# Where to find a good Psalter?



## Jash Comstock (Mar 29, 2012)

Does anyone know where I can find a good, handsome psalter, preferably pocket-sized?


----------



## Dearly Bought (Mar 29, 2012)

Jash Comstock said:


> Does anyone know where I can find a good, handsome psalter, preferably pocket-sized?



I would recommend picking up a copy of The Psalms of David in Metre from Reformation Heritage Books. It is a lovely pocket-sized edition of the 1650 Scottish Psalter, published by the Trinitarian Bible Society. In my humble opinion, you can't do better than the 1650. For further information on the 1650, check out this essay and lecture by Rev. David Silversides. Please be advised that this psalter does not contain music, only words. However, I do not consider this to be a drawback, since every psalm is set in common metre so that tunes are interchangeable.


----------



## Tim (Mar 29, 2012)

Dearly Bought said:


> However, I do not consider this to be a drawback, since every psalm is set in common metre so that tunes are interchangeable.



Agreed. Instead of a drawback, I believe it is a bonus because it gives a person complete control to use whatever (common meter) tune they want with any of the 150 Psalms. With other psalters that assign a tune for each selection, you need to know that tune (or read music) in order to sing that psalm.


----------



## moral necessity (Mar 29, 2012)

I got mine from gospelmissionbooks, the first link below. I just noticed they have a "Reformed Psalter Hymnal" also, but I don't know anything about it. It's the second link.

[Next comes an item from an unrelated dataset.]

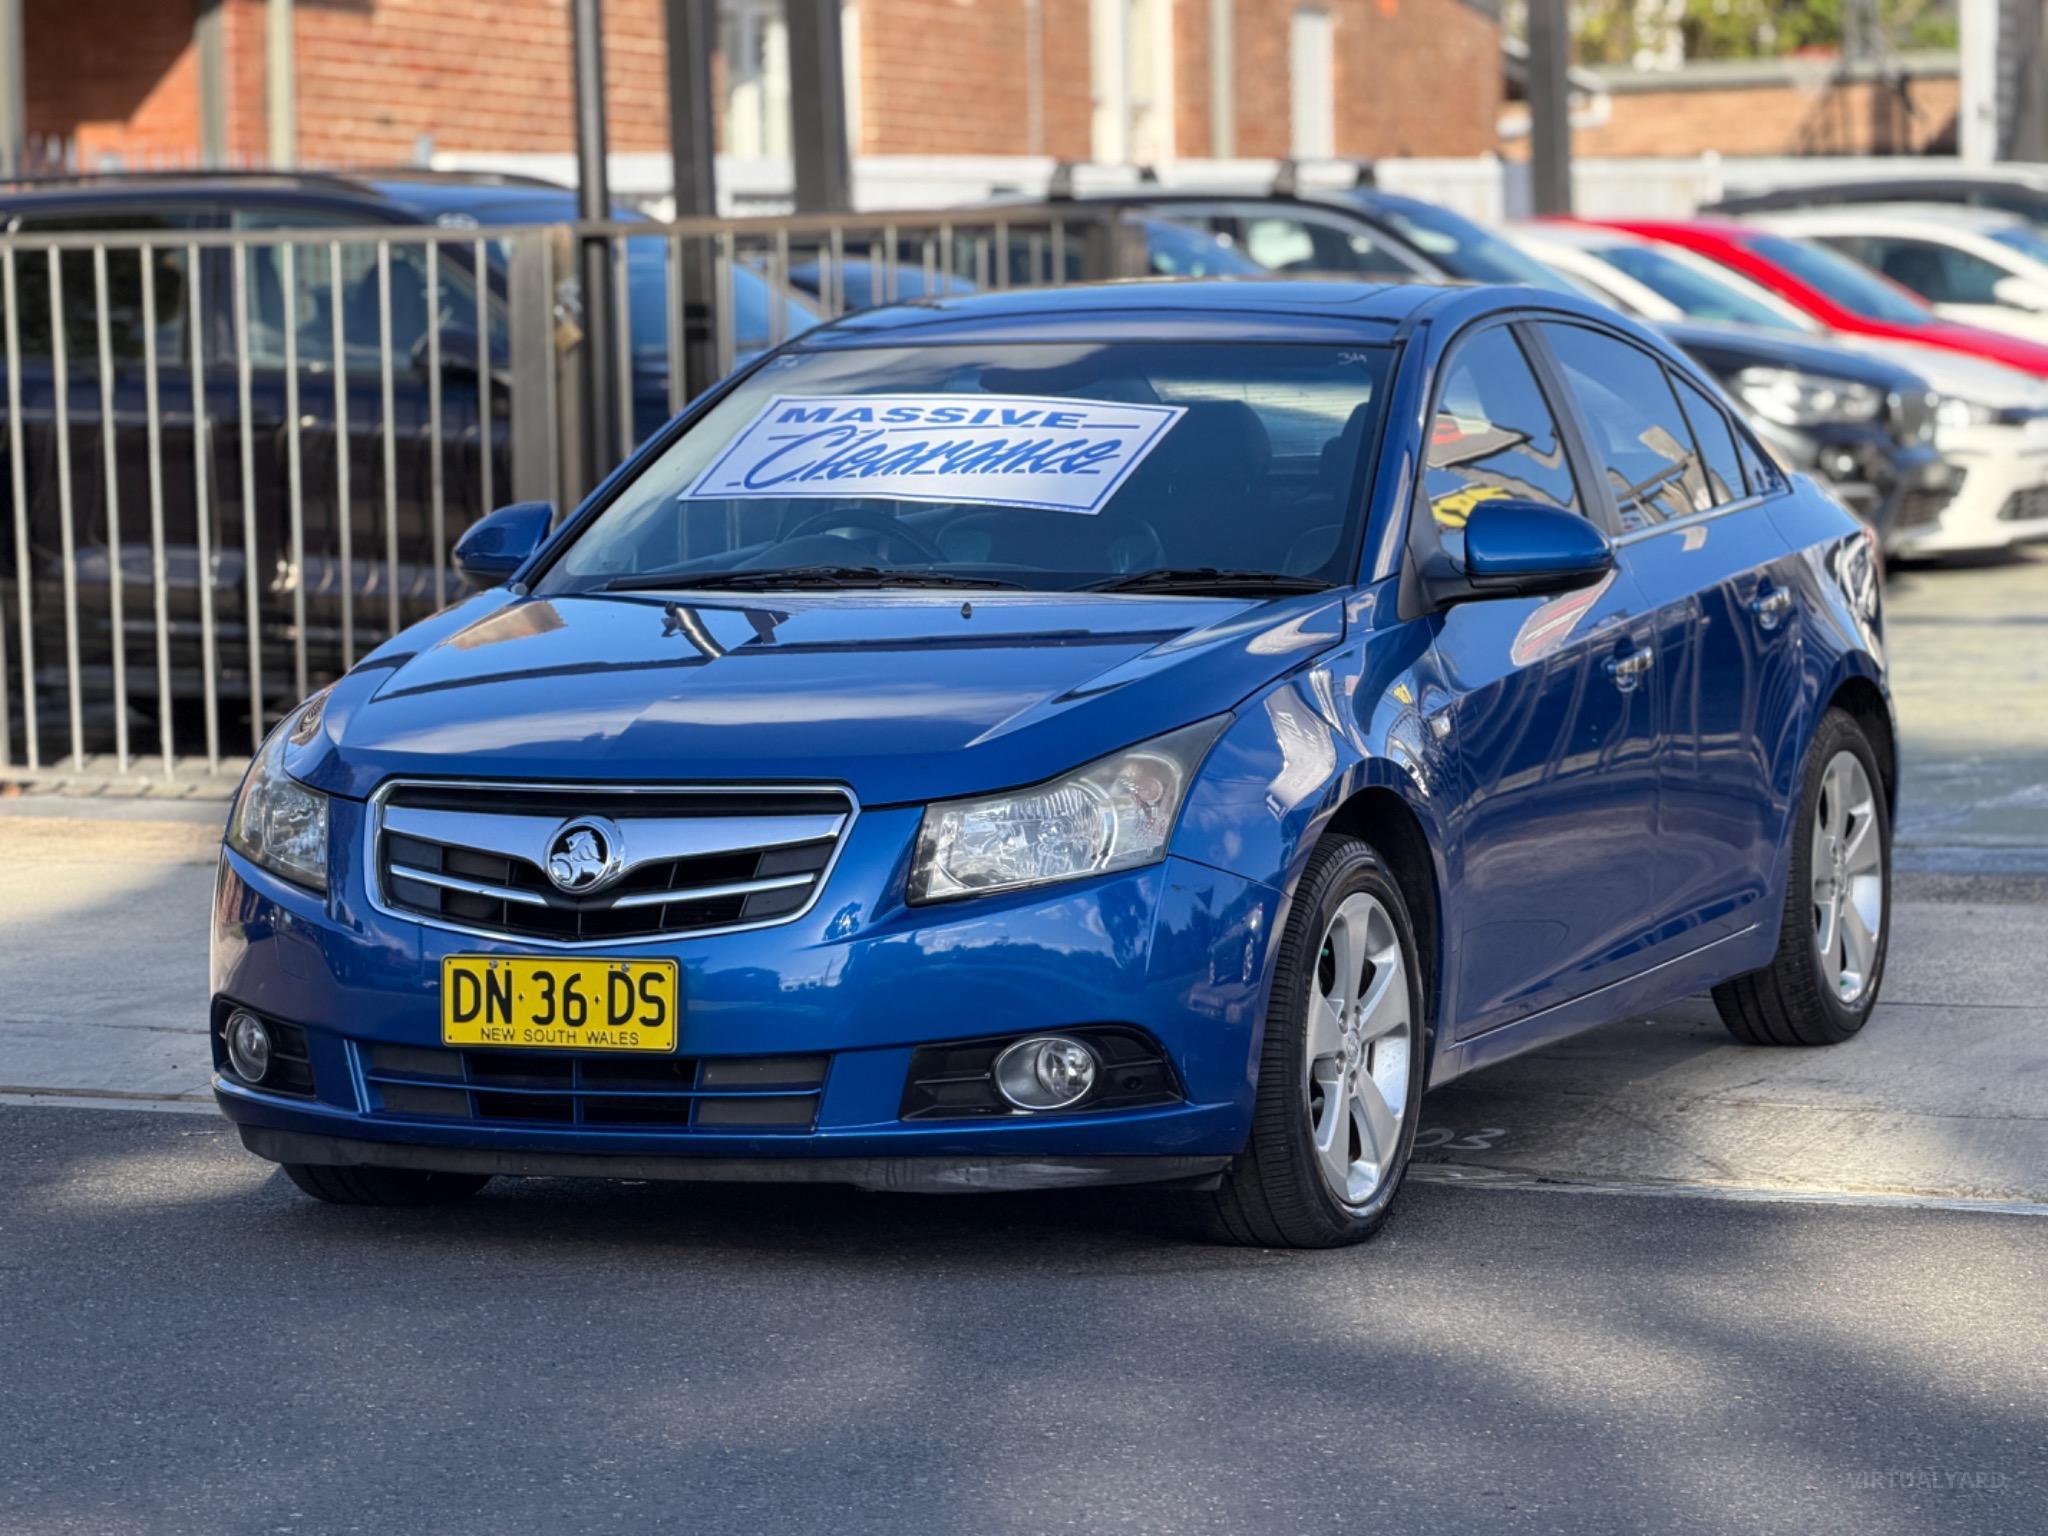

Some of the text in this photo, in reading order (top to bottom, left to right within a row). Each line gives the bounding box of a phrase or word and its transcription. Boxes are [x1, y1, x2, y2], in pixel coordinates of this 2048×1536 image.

[775, 406, 1089, 429] MASSIVE
[741, 424, 1123, 490] Clearance
[480, 1027, 640, 1046] NEW SOUTH WALES

Gospel Mission Christian Books

Gospel Mission Christian Books

Blessings!

---------- Post added at 08:59 PM ---------- Previous post was at 08:50 PM ----------




Tim said:


> Dearly Bought said:
> 
> 
> > However, I do not consider this to be a drawback, since every psalm is set in common metre so that tunes are interchangeable.
> ...



Sort of struck me as funny...you could sing every psalm to "Amazing Grace" if you wanted to. Me being a person of routine, I would make a great worship leader...
"...*Ahem*...we will now sing Psalm 4...it goes just like Psalm 3, 2, and 1 that we did a little while ago..."


----------



## Tim (Mar 29, 2012)

moral necessity said:


> Tim said:
> 
> 
> > Dearly Bought said:
> ...



My thought was to encourage those people who lack confidence in singing and have not acquired the ability to read music. In such circumstances they are severely hindered if they wish to sing at home. Since most everyone can manage "Amazing Grace", we then would have a situation in which the entire psalter is made available.


----------



## moral necessity (Mar 29, 2012)

Sorry, Tim...I agree with you and am entirely on your side. I recommend the same book as you do and hope to buy one just the same. It just struck me as funny to imagine myself sitting in church singing every song to the same tune. I guess my silly mood didn't come across as being silly...sorry. That's the bad thing about typing...can't express silliness very well. 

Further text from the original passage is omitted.